--- The input Enclosed Below ---
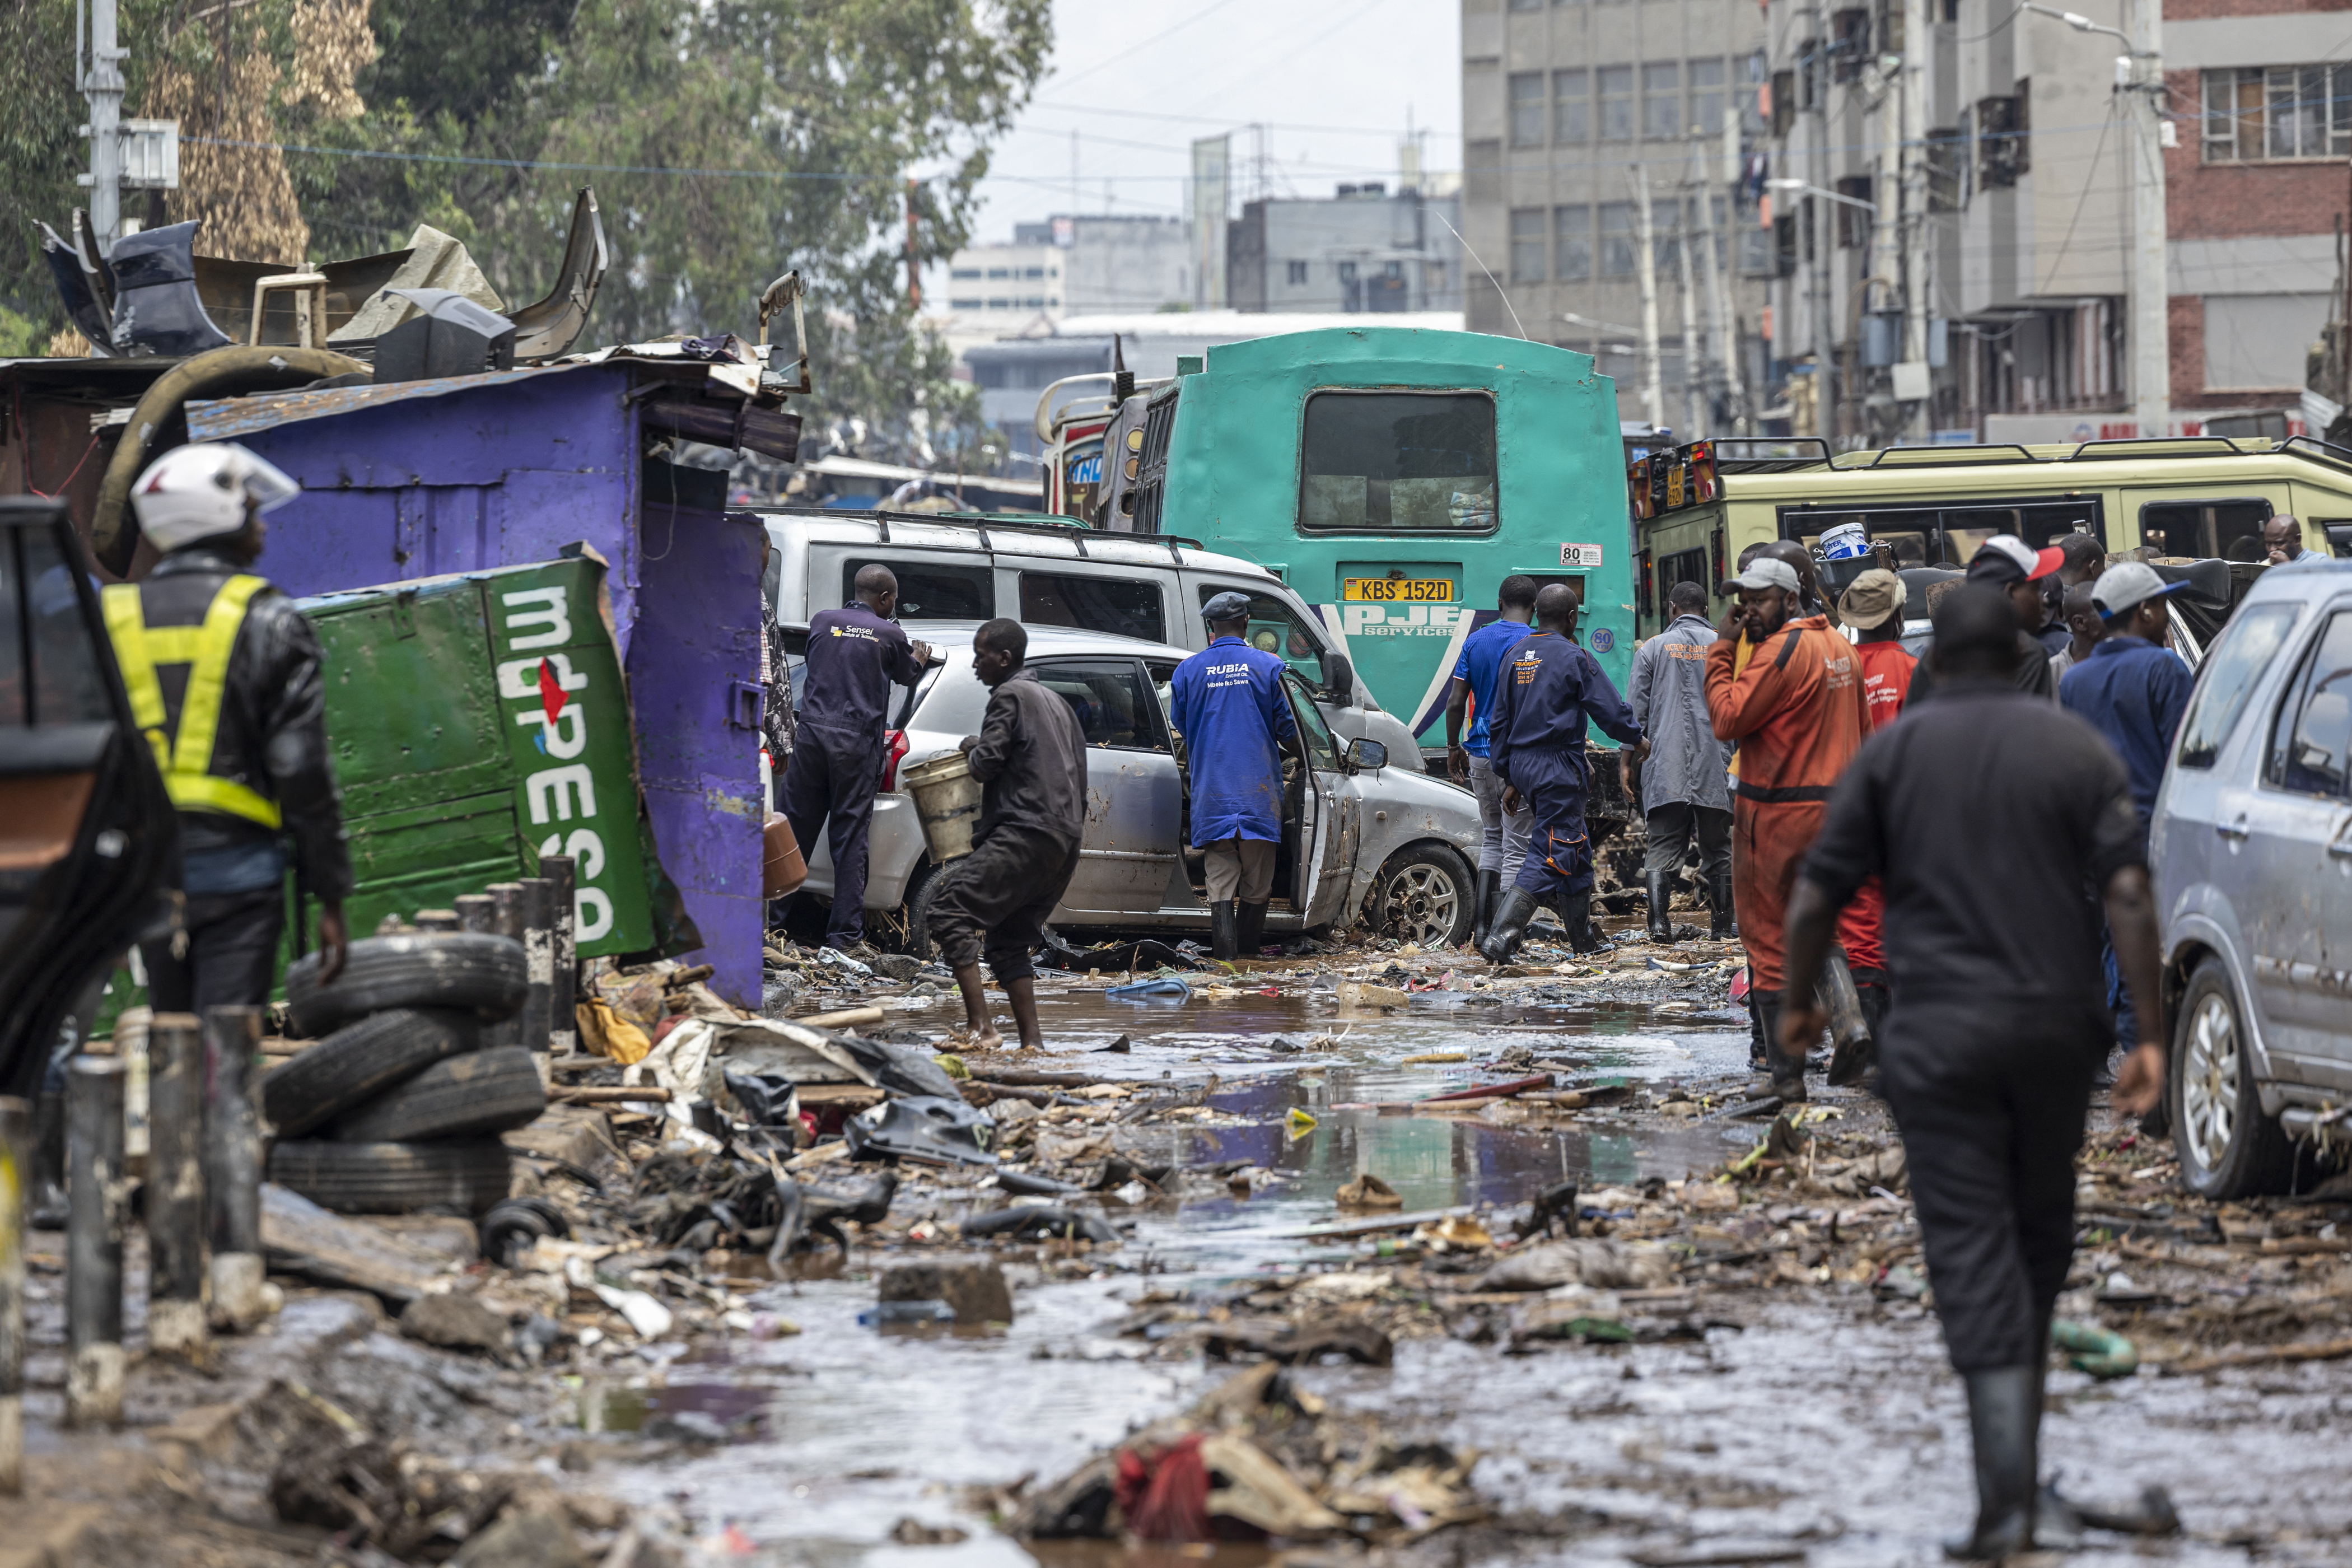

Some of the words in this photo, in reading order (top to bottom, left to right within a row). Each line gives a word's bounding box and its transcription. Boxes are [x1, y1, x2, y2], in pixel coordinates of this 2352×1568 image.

[1564, 548, 1580, 559] 80
[1362, 581, 1396, 600] KBS
[1403, 581, 1447, 600] 152D
[1344, 605, 1459, 636] PJE
[845, 625, 874, 635] Sensei
[1364, 626, 1459, 636] services
[861, 634, 880, 643] Technology
[1594, 632, 1611, 644] 80
[1664, 643, 1687, 652] VICTORY
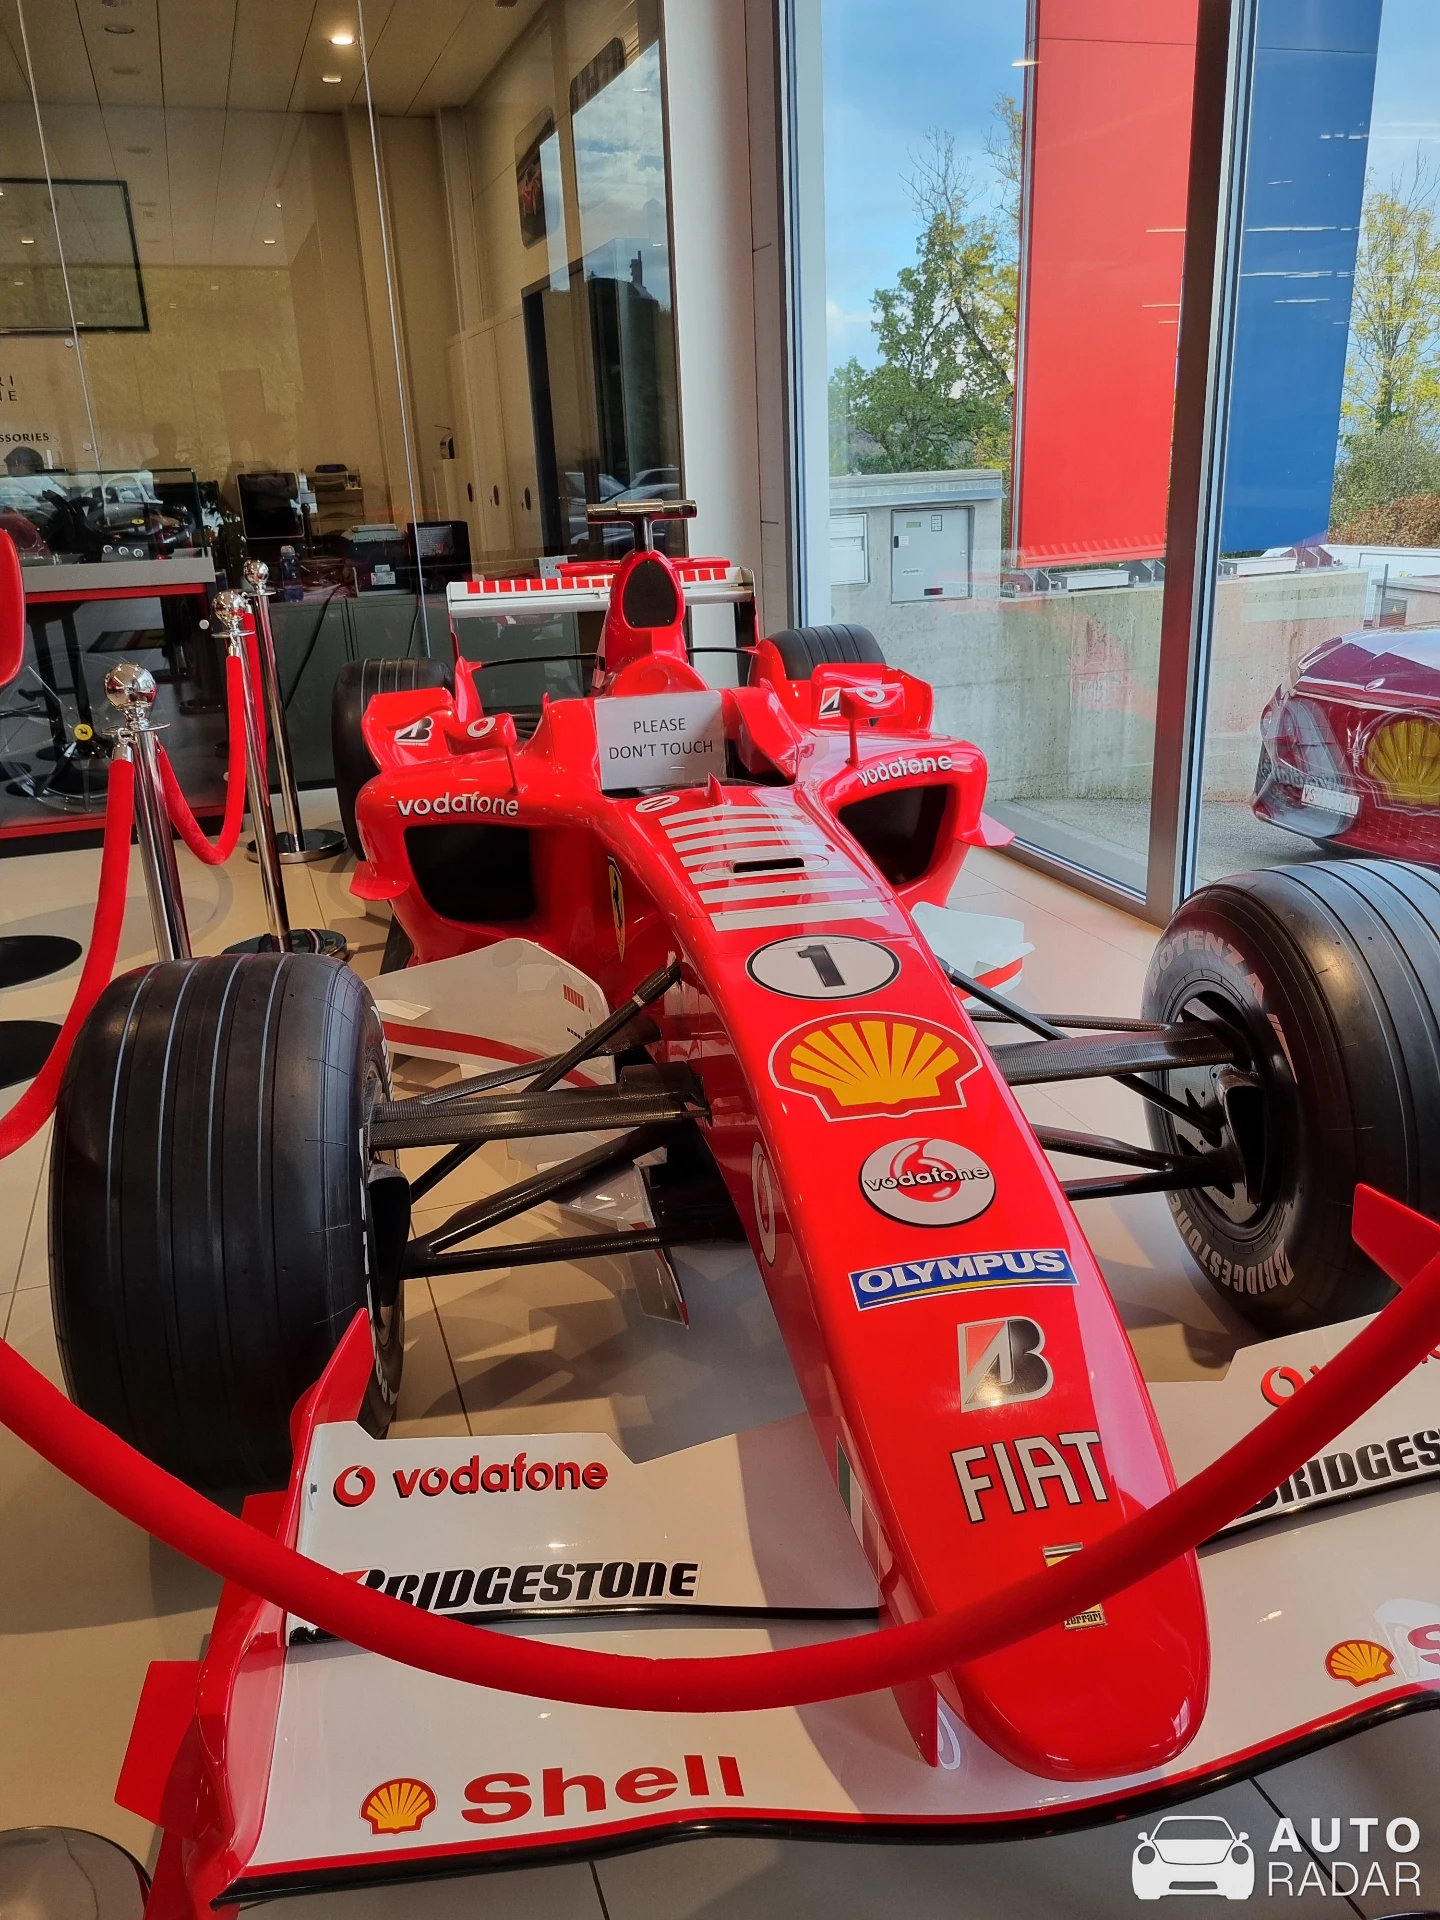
--- End of Enclosed The input ---
Your instructions —
Copy the full listing above exactly, apart from the pictures.

Output below —
Some of the words in this photo, in reading order (top to bottom, left to right within a row). Each line gives a word's bounding box and its transcription. Boxes are [x1, y1, x2, y2], in pixel coordinates of this 2352×1568 image.

[1564, 548, 1580, 559] 80
[1362, 581, 1396, 600] KBS
[1403, 581, 1447, 600] 152D
[1344, 605, 1459, 636] PJE
[845, 625, 874, 635] Sensei
[1364, 626, 1459, 636] services
[861, 634, 880, 643] Technology
[1594, 632, 1611, 644] 80
[1664, 643, 1687, 652] VICTORY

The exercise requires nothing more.